Combined use of a lifestyle improvement support app (TOMOCO™) and a wearable device (Fitbit). HCP health care provider, TTM transtheoretical model

The TOMOCO™ app also assessed the participant’s stages of behavioral changes at baseline using a transtheoretical model (TTM), which is scored in five stages: 1, precontemplation; 2, contemplation; 3, preparation; 4, action; and 5, maintenance. People in stages 1, 2, or 3 were considered to be unaware of the need to improve their lives or to have an understanding of the need but have not yet taken action [17, 18].

Wearable Device

The Fitbit Charge 5 activity tracker was used in this study. This device tracked physical activities, such as step count, heart rate, sleep hours, and sleep quality, throughout the entire study period. The participants were instructed to wear the Fitbit constantly, except when charging the battery. The Fitbit-tracked step count data, which accurately reflect physical activity, were transferred to the TOMOCO™ in this study (Fig. 1).

Data Collection

The TOMOCO™ data were extracted by Habitus Care Inc., and the Fitbit data were collected via Selfbase™ (Tech Doctor Inc., Tokyo, Japan). Other data were collected using an electronic data capture system (Marvin version 2.6.16; XClinical GmbH, Munich, Germany). All data were sent to the data center (INTAGE Healthcare Inc., Tokyo, Japan) for analysis.

Sample Size Calculation

The sample size was calculated for the change in the HbA1c levels from baseline. Based on previous studies [19, 20], we estimated a mean ± standard deviation (SD) change in the HbA1c levels from baseline to 12 weeks of 0.3 ± 0.7%. For a two-sided significance level of 5%, a sample size of 45 would provide a power of 80% for the analysis (paired t test). Therefore, we set a target of 60 enrolled participants to account for potential dropouts or failure to obtain values for evaluation.

Statistical Analysis

We analyzed the results in the full analysis set (FAS), which was defined as the group of participants who started using the TOMOCO™ app in combination with Fitbit after enrollment and who had HbA1c data at baseline and 12 weeks.
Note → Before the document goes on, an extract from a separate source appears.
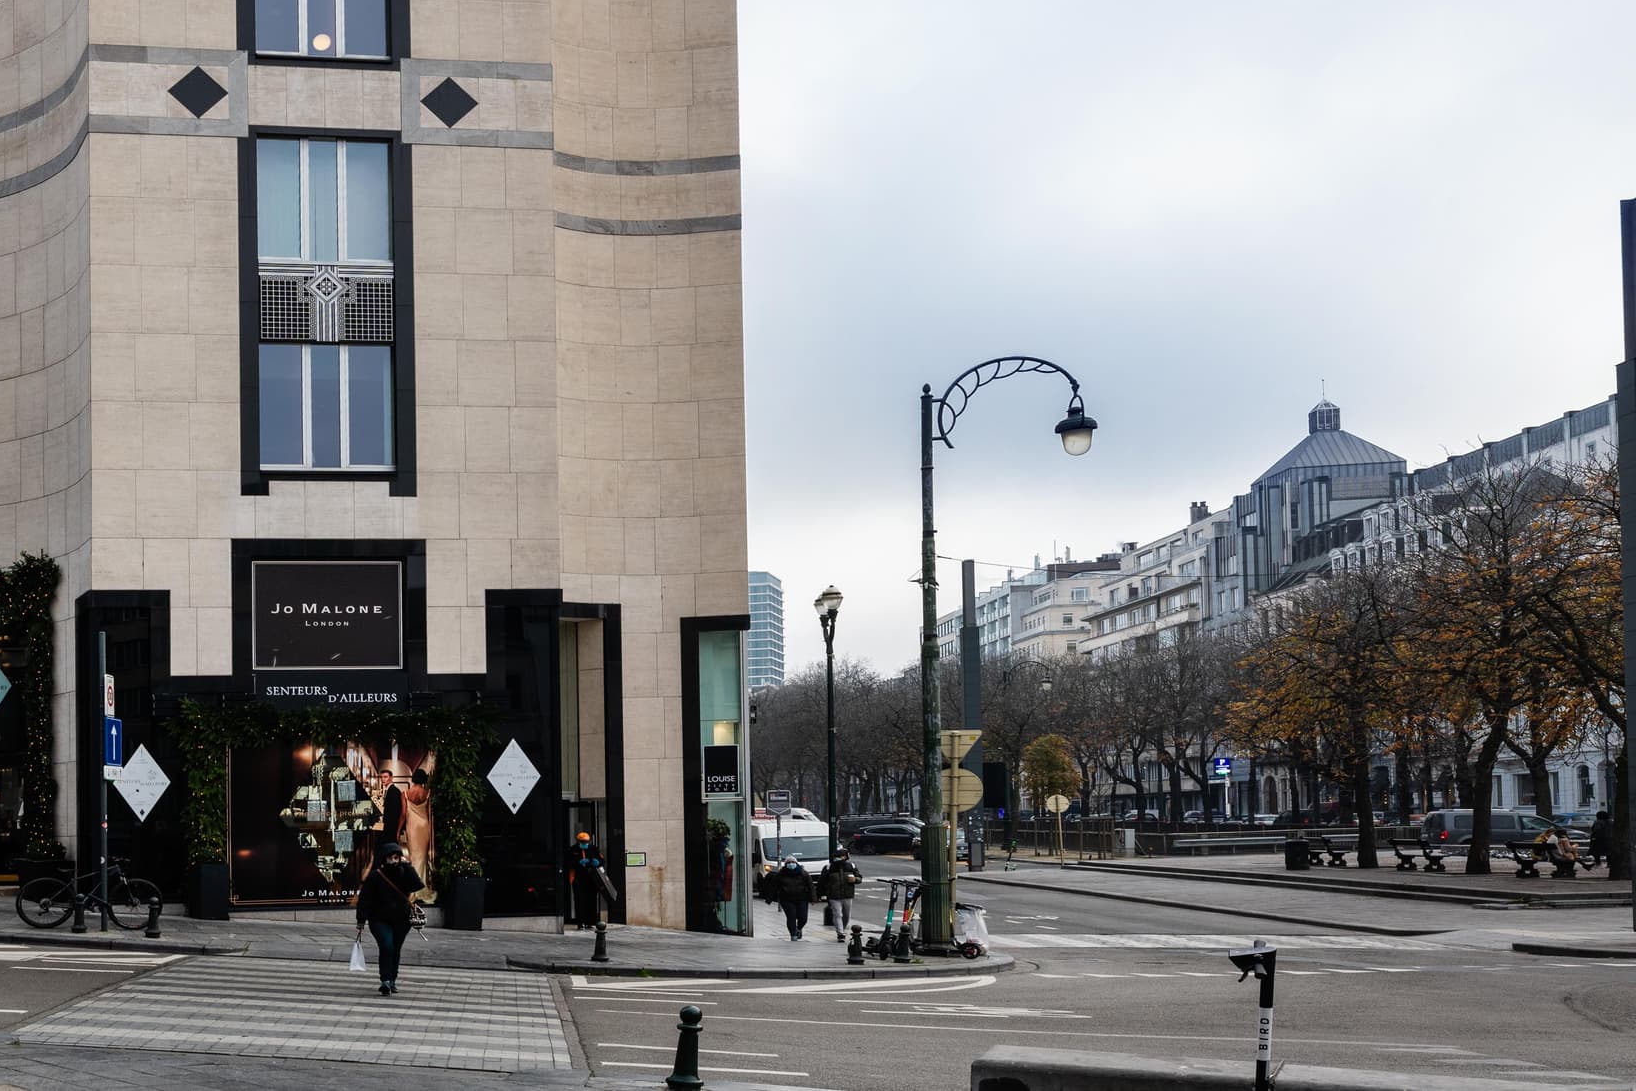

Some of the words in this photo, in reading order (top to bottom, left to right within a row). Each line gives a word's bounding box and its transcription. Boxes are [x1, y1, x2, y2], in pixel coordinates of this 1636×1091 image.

The percentage of days during which the TOMOCO™ app was active (days of activation at least once a day / days of observation × 100) and the Fitbit-wearing time per day (hours) are expressed as median, range, and interquartile range to show usage levels. Unless otherwise noted, values are expressed as mean ± SD or median and range. The percentage of responses to the questionnaire was calculated. Pre- and post-intervention data were compared using paired t tests. Subgroup analyses were carried out with stratification by preselected participant characteristics acquired at SCR and the TTM score at baseline, and the results were compared in an inter-category manner using Student’s t test or analysis of variance. A significance level of 5% was used for all tests. No adjustment for multiplicity was performed because this was an exploratory study. Statistical analysis was conducted using SAS Release 9.4 TS Level 1 M5, 64bit (SAS Institute Inc., Cary, NC, USA).